## Task to carry out
All of the entries below need repeating exactly, apart from their images.

Stored dataset items
----

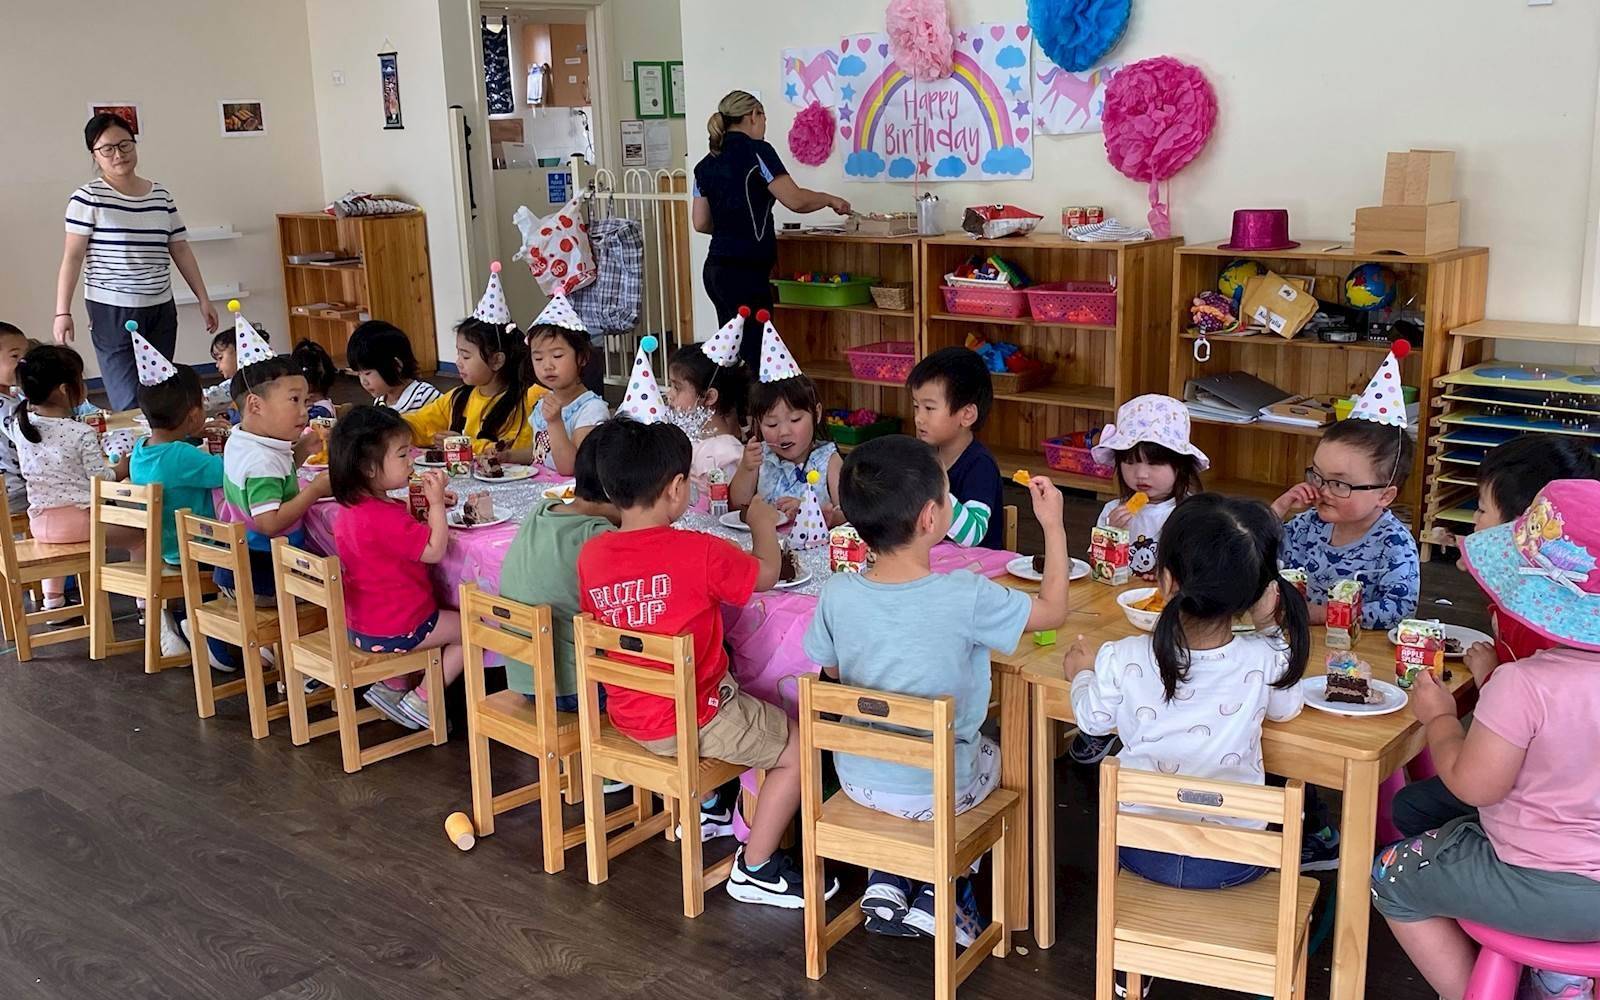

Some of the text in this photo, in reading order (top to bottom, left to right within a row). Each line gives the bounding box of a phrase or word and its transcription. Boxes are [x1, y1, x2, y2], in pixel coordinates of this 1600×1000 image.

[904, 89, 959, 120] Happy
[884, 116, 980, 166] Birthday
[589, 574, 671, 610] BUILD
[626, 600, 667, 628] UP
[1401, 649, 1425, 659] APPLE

----

## Task result
Some of the text in this photo, in reading order (top to bottom, left to right within a row). Each line gives the bounding box of a phrase or word and its transcription. Boxes are [x1, y1, x2, y2], in pixel coordinates of this 1600×1000 image.

[904, 89, 959, 120] Happy
[884, 116, 980, 166] Birthday
[589, 574, 671, 610] BUILD
[626, 600, 667, 628] UP
[1401, 649, 1425, 659] APPLE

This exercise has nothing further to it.